• Assigned task:
Set down each entry as it stands. Skip the pictures.

• Saved entries:
#####

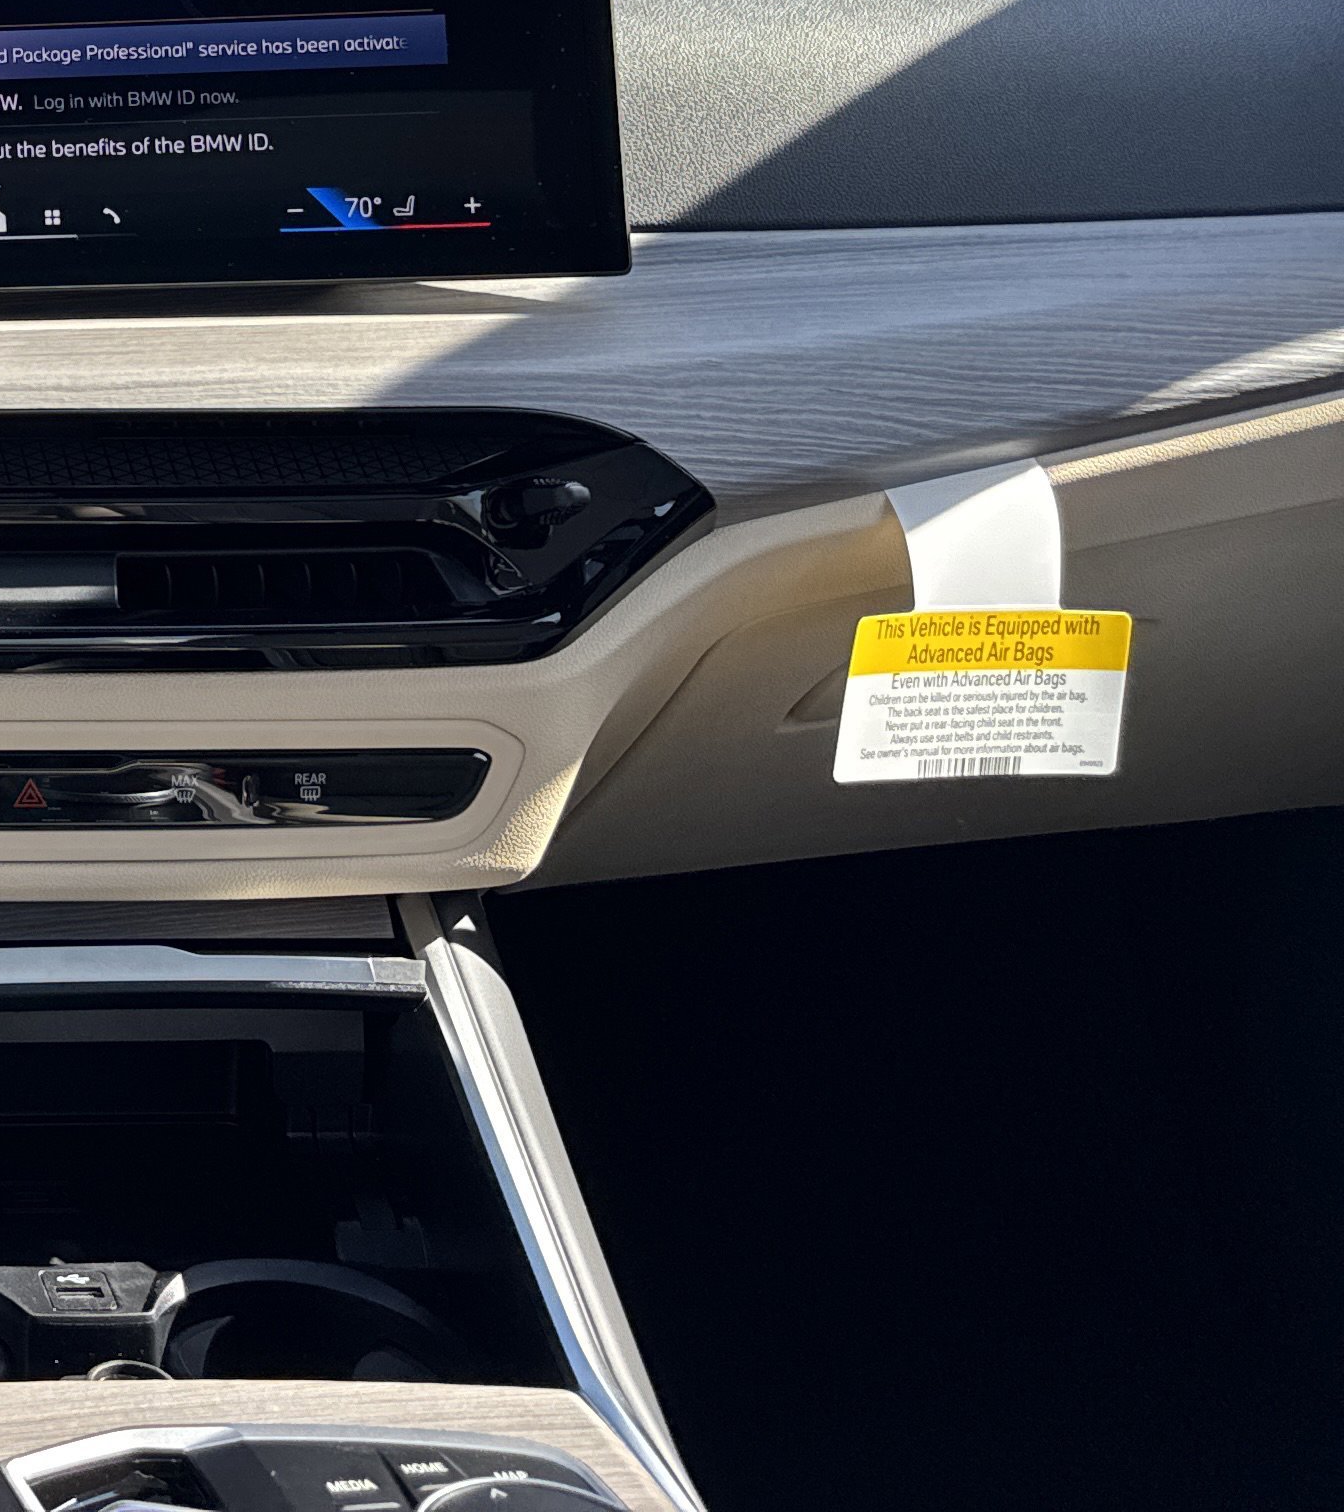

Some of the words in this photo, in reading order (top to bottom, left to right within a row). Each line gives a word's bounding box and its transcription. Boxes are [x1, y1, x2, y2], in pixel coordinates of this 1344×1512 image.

[12, 46, 82, 66] Package
[86, 41, 194, 61] Professional"
[198, 39, 257, 58] service
[262, 38, 293, 55] has
[296, 36, 340, 54] been
[343, 34, 409, 52] activate
[34, 94, 65, 113] Log
[69, 92, 84, 110] in
[88, 90, 123, 108] with
[127, 89, 173, 107] BMW
[177, 89, 195, 106] ID
[200, 90, 240, 105] now.
[16, 140, 47, 159] the
[51, 137, 127, 158] benefits
[131, 136, 151, 155] of
[154, 135, 186, 155] the
[191, 134, 243, 154] BMW
[248, 132, 275, 152] ID.
[876, 619, 905, 640] This
[909, 616, 964, 638] Vehicle
[968, 615, 981, 636] is
[985, 614, 1062, 640] Equipped
[1064, 615, 1101, 636] with
[906, 641, 985, 665] Advanced
[986, 641, 1011, 663] Air
[1013, 641, 1054, 667] Bags
[891, 673, 920, 690] Even
[923, 671, 949, 688] with
[950, 670, 1012, 688] Advanced
[1013, 669, 1032, 686] Air
[1034, 669, 1067, 689] Bags
[869, 694, 901, 707] Children
[902, 694, 917, 704] can
[918, 692, 929, 703] be
[930, 691, 952, 703] killed
[953, 693, 962, 702] or
[963, 690, 998, 704] seriously
[1000, 689, 1028, 702] injured
[1029, 689, 1040, 702] by
[1041, 689, 1055, 701] the
[1056, 689, 1067, 701] air
[1069, 688, 1088, 703] bag.
[888, 706, 902, 718] The
[903, 706, 923, 717] back
[924, 705, 941, 716] seat
[943, 706, 950, 716] is
[951, 704, 964, 715] the
[966, 704, 990, 715] safest
[992, 704, 1014, 717] place
[1015, 702, 1027, 714] for
[1028, 702, 1064, 714] children.
[885, 719, 909, 732] Never
[909, 719, 924, 732] put
[924, 721, 930, 730] a
[931, 718, 975, 731] rear-facing
[976, 717, 996, 729] child
[998, 717, 1015, 728] seat
[1016, 717, 1024, 727] in
[1025, 716, 1039, 727] the
[1040, 715, 1064, 728] front.
[890, 733, 918, 746] Always
[919, 734, 934, 744] use
[935, 732, 953, 743] seat
[954, 731, 974, 742] belts
[975, 730, 991, 742] and
[992, 730, 1012, 741] child
[1013, 729, 1054, 741] restraints.
[860, 748, 876, 760] See
[877, 746, 909, 759] owner's
[910, 745, 940, 757] manual
[940, 744, 952, 755] for
[953, 745, 975, 755] more
[976, 743, 1022, 755] information
[1023, 742, 1048, 754] about
[1049, 742, 1060, 753] air
[1061, 741, 1085, 756] bags.
[170, 774, 199, 787] MAX
[294, 772, 326, 785] REAR
[400, 1461, 449, 1475] HOME
[493, 1469, 530, 1481] MAP
[325, 1478, 380, 1493] MEDIA

#####

• Solution to the exercise:
Some of the words in this photo, in reading order (top to bottom, left to right within a row). Each line gives a word's bounding box and its transcription. Boxes are [x1, y1, x2, y2], in pixel coordinates of this 1344×1512 image.

[12, 46, 82, 66] Package
[86, 41, 194, 61] Professional"
[198, 39, 257, 58] service
[262, 38, 293, 55] has
[296, 36, 340, 54] been
[343, 34, 409, 52] activate
[34, 94, 65, 113] Log
[69, 92, 84, 110] in
[88, 90, 123, 108] with
[127, 89, 173, 107] BMW
[177, 89, 195, 106] ID
[200, 90, 240, 105] now.
[16, 140, 47, 159] the
[51, 137, 127, 158] benefits
[131, 136, 151, 155] of
[154, 135, 186, 155] the
[191, 134, 243, 154] BMW
[248, 132, 275, 152] ID.
[876, 619, 905, 640] This
[909, 616, 964, 638] Vehicle
[968, 615, 981, 636] is
[985, 614, 1062, 640] Equipped
[1064, 615, 1101, 636] with
[906, 641, 985, 665] Advanced
[986, 641, 1011, 663] Air
[1013, 641, 1054, 667] Bags
[891, 673, 920, 690] Even
[923, 671, 949, 688] with
[950, 670, 1012, 688] Advanced
[1013, 669, 1032, 686] Air
[1034, 669, 1067, 689] Bags
[869, 694, 901, 707] Children
[902, 694, 917, 704] can
[918, 692, 929, 703] be
[930, 691, 952, 703] killed
[953, 693, 962, 702] or
[963, 690, 998, 704] seriously
[1000, 689, 1028, 702] injured
[1029, 689, 1040, 702] by
[1041, 689, 1055, 701] the
[1056, 689, 1067, 701] air
[1069, 688, 1088, 703] bag.
[888, 706, 902, 718] The
[903, 706, 923, 717] back
[924, 705, 941, 716] seat
[943, 706, 950, 716] is
[951, 704, 964, 715] the
[966, 704, 990, 715] safest
[992, 704, 1014, 717] place
[1015, 702, 1027, 714] for
[1028, 702, 1064, 714] children.
[885, 719, 909, 732] Never
[909, 719, 924, 732] put
[924, 721, 930, 730] a
[931, 718, 975, 731] rear-facing
[976, 717, 996, 729] child
[998, 717, 1015, 728] seat
[1016, 717, 1024, 727] in
[1025, 716, 1039, 727] the
[1040, 715, 1064, 728] front.
[890, 733, 918, 746] Always
[919, 734, 934, 744] use
[935, 732, 953, 743] seat
[954, 731, 974, 742] belts
[975, 730, 991, 742] and
[992, 730, 1012, 741] child
[1013, 729, 1054, 741] restraints.
[860, 748, 876, 760] See
[877, 746, 909, 759] owner's
[910, 745, 940, 757] manual
[940, 744, 952, 755] for
[953, 745, 975, 755] more
[976, 743, 1022, 755] information
[1023, 742, 1048, 754] about
[1049, 742, 1060, 753] air
[1061, 741, 1085, 756] bags.
[170, 774, 199, 787] MAX
[294, 772, 326, 785] REAR
[400, 1461, 449, 1475] HOME
[493, 1469, 530, 1481] MAP
[325, 1478, 380, 1493] MEDIA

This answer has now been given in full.